Gage Skidmore/Flickr
(Gage Skidmore/Flickr)

Some members of the University of Massachusetts Democrats aim to create a coalition of on-campus groups to advocate against and resist policies of President-elect Donald Trump next year.

The UMass Democrats wanted to connect with on-campus groups with similar objectives before Trump was elected to the presidency. Shock from the election results gave the group a new sense of urgency.

“I felt like the Democratic Party had failed the people we say we protect,” said Liana Ascolese, a graduate student studying public policy, who is the president of the UMass Democrats. “I sort of looked to other campus activists. Our [Democratic] Party follows rather than leads.”

Ascolese described on-campus activist groups such as Divest UMass, which she said attract great turnouts, as faster at organizing major events on campus.

Saying that the Democratic Party promises to do things such as that, Ascolese said they need to be more of a leader and less of a follower on campus.

“There’s a lot of great spirit of activism on this campus already,” she said. “I would like to channel that. I think it’s about what we can bring to the table.”

The UMass Democrats had published an open letter to the campus about establishing this new group in the weeks after Trump’s election.

“We said in our open letter people have been debating protest politics versus legislative politics,” said Jonah Carlson, the political director of the UMass Democrats and a senior studying political science. “We need to do both.”

Carlson and Ascolese both stressed how the on-campus party could use their political connections with Democratic officials and congressional figures to help groups on campus advance their causes legislatively, while still participating in direct action and protests on-campus with the UMass community.

“If an activist group is having an action, I would love to say ‘How can we help that?’” Ascolese said. “I would love to say ‘How can we join our organizing forces?’”

Ascolese also said that the coalition-members could use the group to bring up their own agendas, so that the different groups could help each other find resources that could be mutually helpful.

She said this structuring format would help the coalition act as a more collaborative environment, rather than a hierarchical one.

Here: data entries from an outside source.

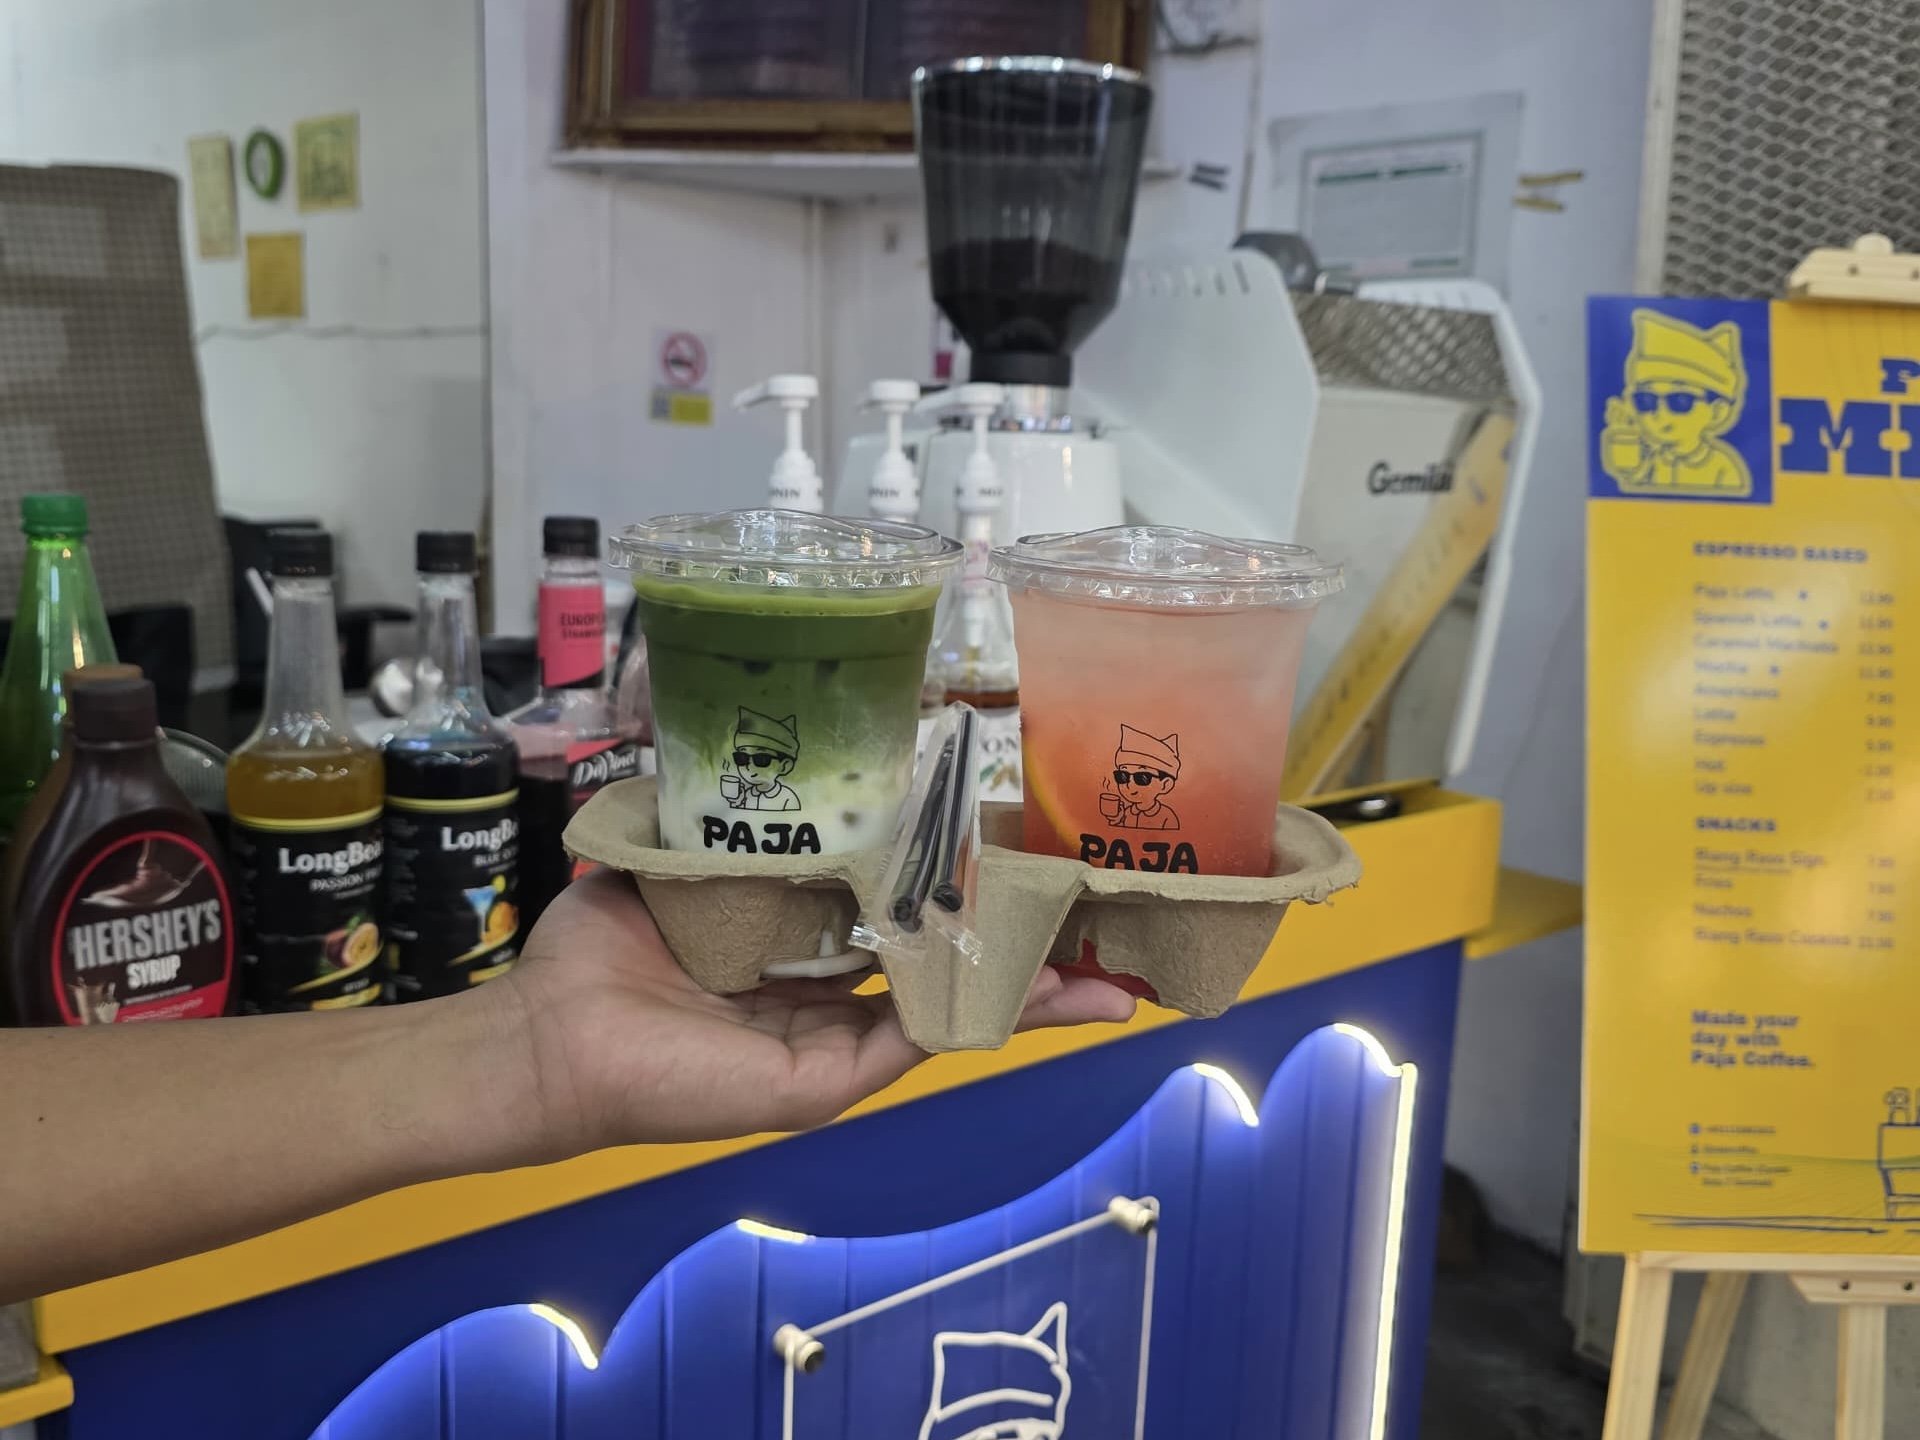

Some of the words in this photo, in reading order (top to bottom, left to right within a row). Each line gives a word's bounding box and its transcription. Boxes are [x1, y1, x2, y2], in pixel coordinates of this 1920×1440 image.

[1694, 543, 1797, 559] ESPRESSO
[1803, 547, 1867, 563] BASED
[703, 815, 821, 854] PAJA
[1695, 817, 1776, 832] SNACKS
[1080, 833, 1198, 874] PAJA
[72, 898, 222, 970] HERSHEY'S
[126, 953, 182, 989] SYRUP
[1692, 1010, 1746, 1025] Made
[1754, 1014, 1799, 1029] your
[1692, 1031, 1727, 1047] day
[1736, 1033, 1779, 1047] with
[1692, 1051, 1736, 1069] Paja
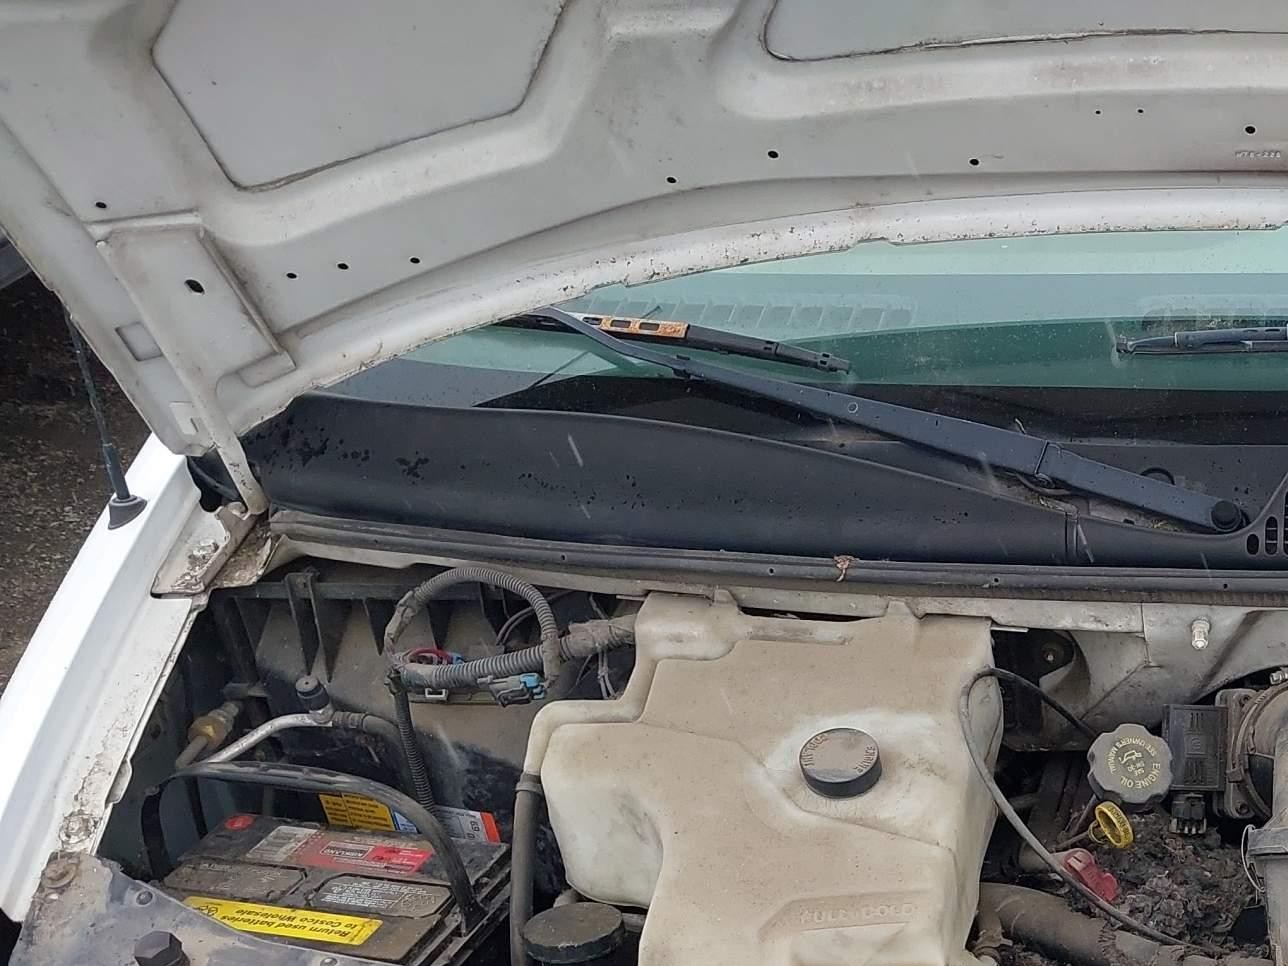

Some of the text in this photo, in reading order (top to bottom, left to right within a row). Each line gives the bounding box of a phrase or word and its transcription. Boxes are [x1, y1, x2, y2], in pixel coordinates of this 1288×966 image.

[1120, 763, 1161, 789] ENGINE OIL
[236, 909, 297, 923] Wholesale
[301, 916, 343, 929] Costco
[220, 914, 351, 938] Return used batteries

Carlson said that they had reached out to a couple-dozen on-campus groups, and had heard positive reactions from the Gender Liberation Union and the UMass Progressive Alliance. Carlson predicted the coalition would look like five to 10 groups coming together.

“I expect enough controversial, detrimental actions from the Trump presidency for the group to grow,” he said.

Ascolese said they had reached out individually to different groups, and that reactions have been positive to the idea of the group so far.

“Hopefully other people will see the equal plan we’ll be working on,” Ascolese said, saying she understood why certain groups would feel wary about being associated with a partisan group.

Ascolese said a more formal announcement about the coalition will be made next semester.